- Bang Rak
- Etymology: love hamlet
- Nickname: Tha Chin
- Motto: Good Quality of Life, Sustainable Organic Farming, Return to Sufficiency
- Interactive map of Bang Rak
- Coordinates: 7°32′49.2″N 99°34′38.1″E﻿ / ﻿7.547000°N 99.577250°E
- Country: Thailand
- Province: Trang
- District: Mueang Trang

Government
- • Type: Subdistrict Administrative Organization (SAO)
- • Mayor: Preecha Phaknam
- • Vice mayor: Wirote Kaewphittaya

Area
- • Total: 9.6 km^{2} (3.7 sq mi)

Population (2008)
- • Total: 3,982
- • Density: 410/km^{2} (1,100/sq mi)
- Time zone: UTC+7 (ICT)
- Postcode: 92000
- Area code: (+66) 02

= Bang Rak, Trang =

Bang Rak (บางรัก, /th/) is a tambon (subdistrict) of Mueang Trang District, Trang Province.

==History==
Bang Rak is part of Mueang Trang District otherwise known as downtown Trang. It is classified as one of the oldest populated places of Trang. It is a quay since ancient times where the Chinese settled and lived on the banks of the Trang River. Hence, the Trang River has another name "Tha Chin River" (แม่น้ำท่าจีน, /th/, lit. 'Chinese port river'). Therefore, Bang Rak area is known as "Tha Chin" as well.

==Geography==
Its terrain is a lowland area with the Trang River or locally known as Tha Chin River flowing through it. The subdistrict is bounded by other subdistricts (from the north clockwise): Nong Trut and Na Ta Luang with Khok Lo as well as Khuan Pring in its district, Khuan Thani in Kantang District, and Na To Ming in its district again.

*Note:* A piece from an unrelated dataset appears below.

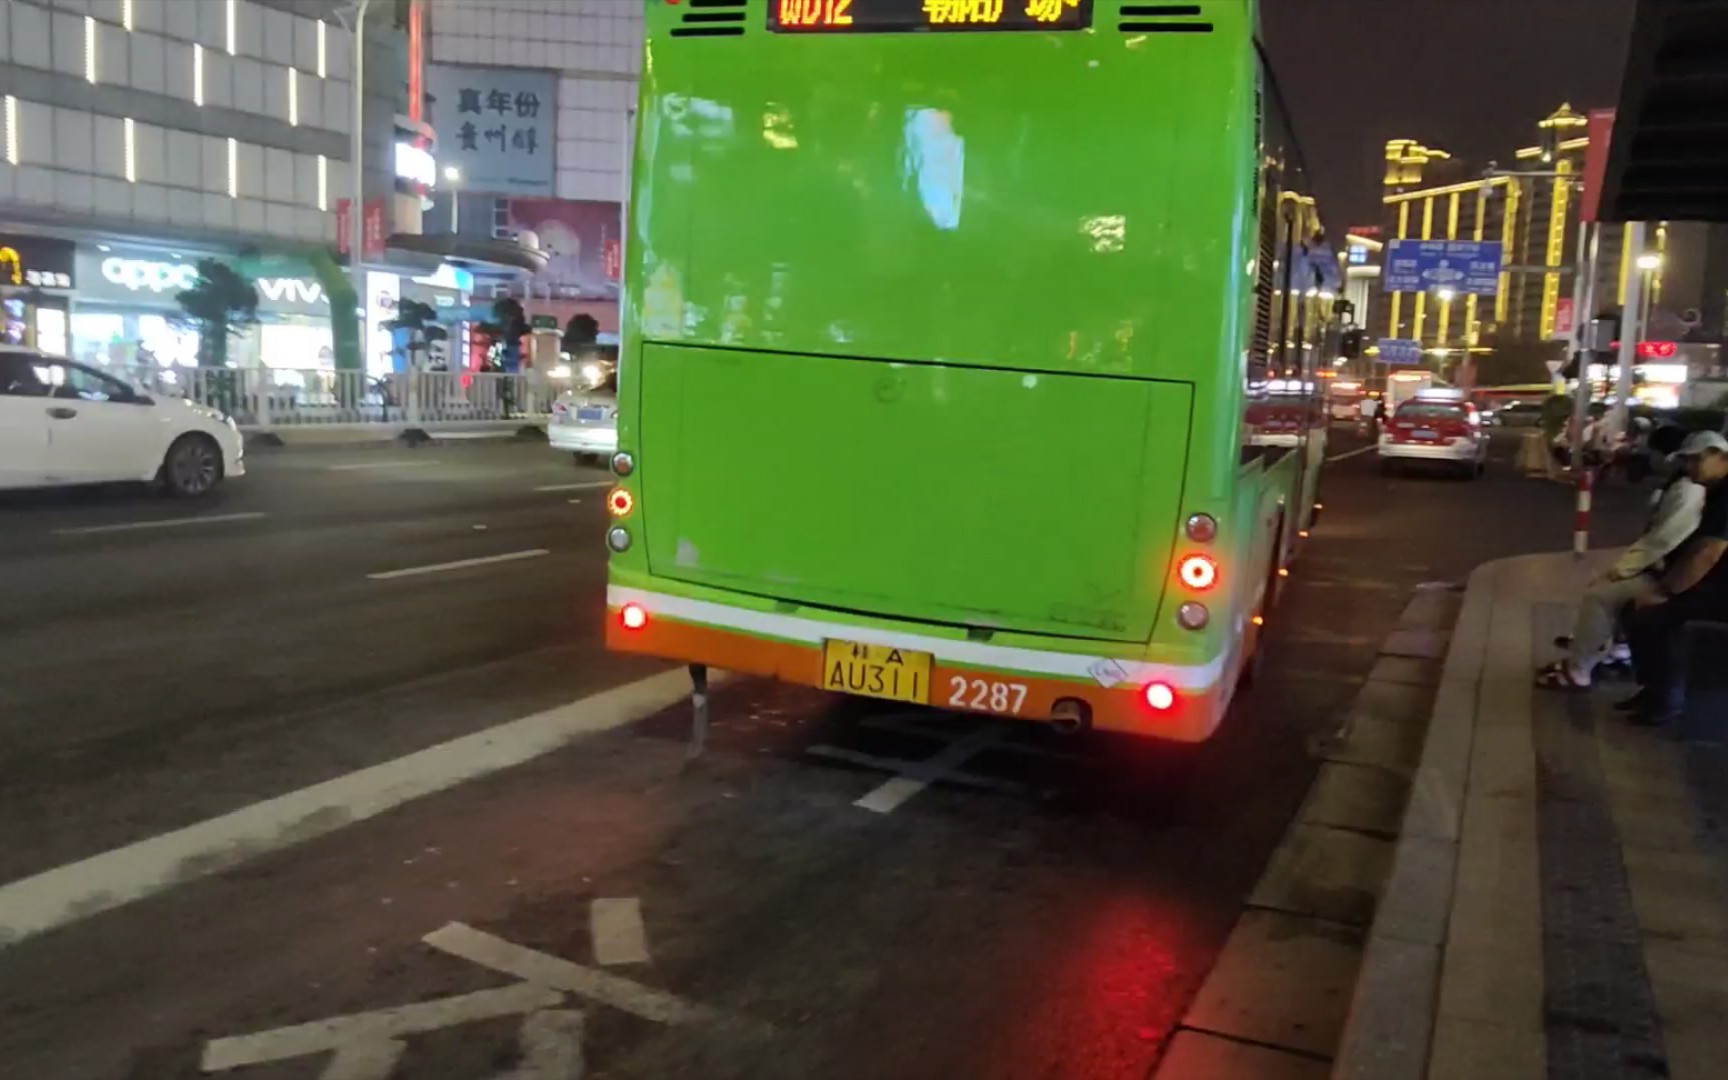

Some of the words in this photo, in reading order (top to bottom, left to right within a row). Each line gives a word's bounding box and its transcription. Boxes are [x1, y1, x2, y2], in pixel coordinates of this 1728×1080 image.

[457, 88, 540, 118] 真年份
[257, 276, 330, 304] viv
[829, 659, 919, 699] AU311
[948, 675, 1028, 714] 2287

There is an island in the middle of the Trang River that looks like a map of Thailand in the Nong Pluak Public Space. It is an artificial island completed on April 30, 1990.

==Administration==
Bang Rak is governed by the Subdistrict Administrative Organization Bang Rak (SAO Bang Rak).

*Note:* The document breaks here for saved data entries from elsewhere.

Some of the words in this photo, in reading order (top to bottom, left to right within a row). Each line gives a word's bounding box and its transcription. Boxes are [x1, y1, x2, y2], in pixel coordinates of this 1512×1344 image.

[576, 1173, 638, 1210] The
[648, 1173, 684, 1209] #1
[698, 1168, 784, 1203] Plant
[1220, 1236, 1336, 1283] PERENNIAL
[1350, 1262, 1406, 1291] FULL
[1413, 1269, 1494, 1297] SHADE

The area also consists of six administrative muban (village)

| No. | Name | Thai |
|---|---|---|
| 01. | Ban Nong Prue | บ้านหนองปรือ |
| 02. | Ban Nam Phut | บ้านน้ำผุด |
| 03. | Ban Tai | บ้านใต้ |
| 04. | Ban Tha Chin | บ้านท่าจีน |
| 05. | Ban Saphan Chang | บ้านสะพานช้าง |
| 06. | Ban Khuan Yod Thong | บ้านควนยอดทอง |

The emblem of the Subdistrict Administrative Organization shows a Chinese junk sailing on the Trang River.

==Population==
As of May 2008, it had a total population of 3,982 (1,950 men, 2,032 women) in 1,510 households.